The variability of the broad-line Balmer decrement for quasars from the Sloan Digital Sky Survey Reverberation Mapping

TL;DR

This study analyzes the variability of the broad-line Balmer decrement in quasars over 6.5 years, examining its relation to accretion properties and time delays, revealing complex behaviors and size estimates of emission regions.

Contribution

It provides the first detailed analysis of Balmer decrement variability in a large quasar sample, exploring its correlations and lag measurements with continuum flux.

Findings

Mean broad-line Balmer decrement is 0.62 dex with 0.15 dex scatter.

Most quasars show negative correlation between Balmer decrement variance and continuum flux.

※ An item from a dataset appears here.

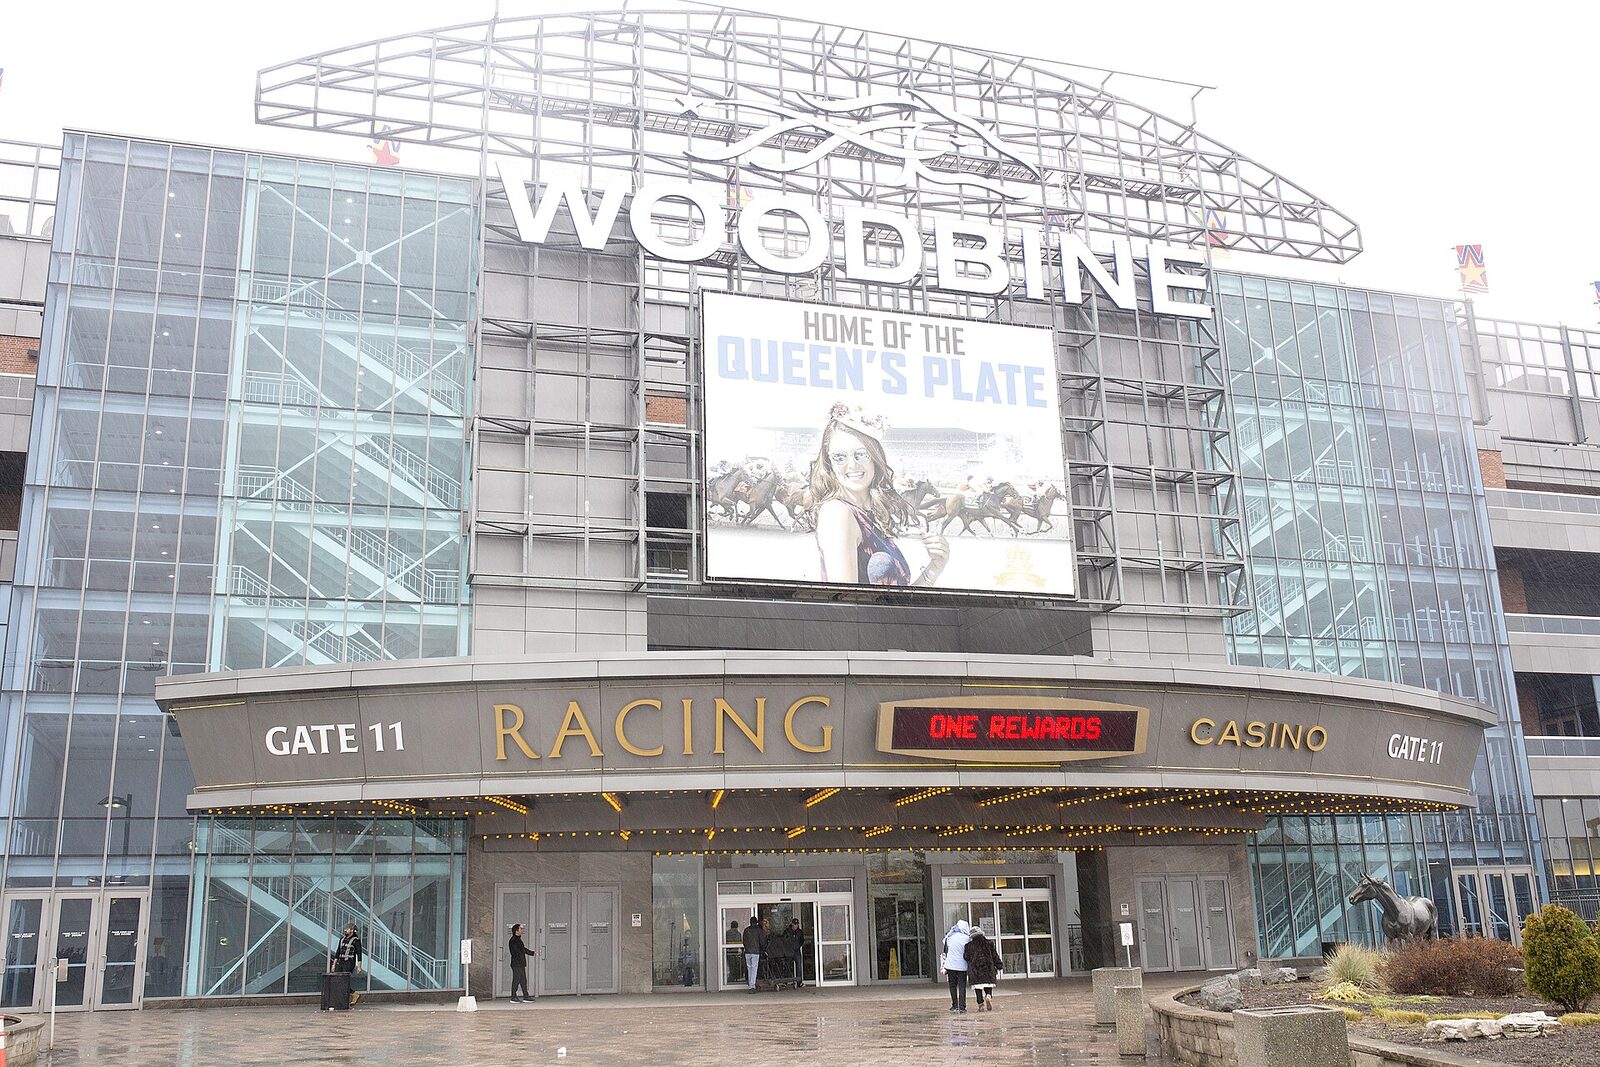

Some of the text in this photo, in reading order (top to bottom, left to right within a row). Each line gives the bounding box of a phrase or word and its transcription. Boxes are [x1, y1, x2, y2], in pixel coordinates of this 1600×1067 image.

Time delays suggest Balmer decrement variations originate from regions between the BLR and the torus.

Abstract

Based on the spectral decomposition through a code of PrepSpec, the light curves (spanning 6.5 years in the observed frame) of the broad-line Balmer decrement, i.e., the flux ratio of the broad \ha to the broad \hb line, are calculated for a sample of 44 Sloan Digital Sky Survey reverberation-mapped quasars ($z<0.53$). It is found that the logarithm of the mean broad-line Balmer decrement is 0.62 with a standard deviation of 0.15 dex. The relations between the mean Balmer decrement and the SMBH accretion properties (the luminosity, black hole mass, Eddington ratio, accretion rate) are investigated and no obvious correlations are found. It is found that there are 27 quasars ($61\%$) showing strong negative correlations between the Balmer decrement variance and the continuum variance, i.e., the Balmer decrement would be smaller with larger continuum flux. Assuming that the dust obscuration leads to the variance in the Balmer decrement and the continuum, an expected slope is $-1/3$, which is not consistent with most of measured slopes. Using the interpolated cross-correlation function, the time delays between the inverse Balmer decrement and the continuum are measured for 14 quasars with the maximum correlation coefficient larger the 0.6. It suggests that the size corresponding to the Balmer decrement lag extends from the BLR size to the torus size.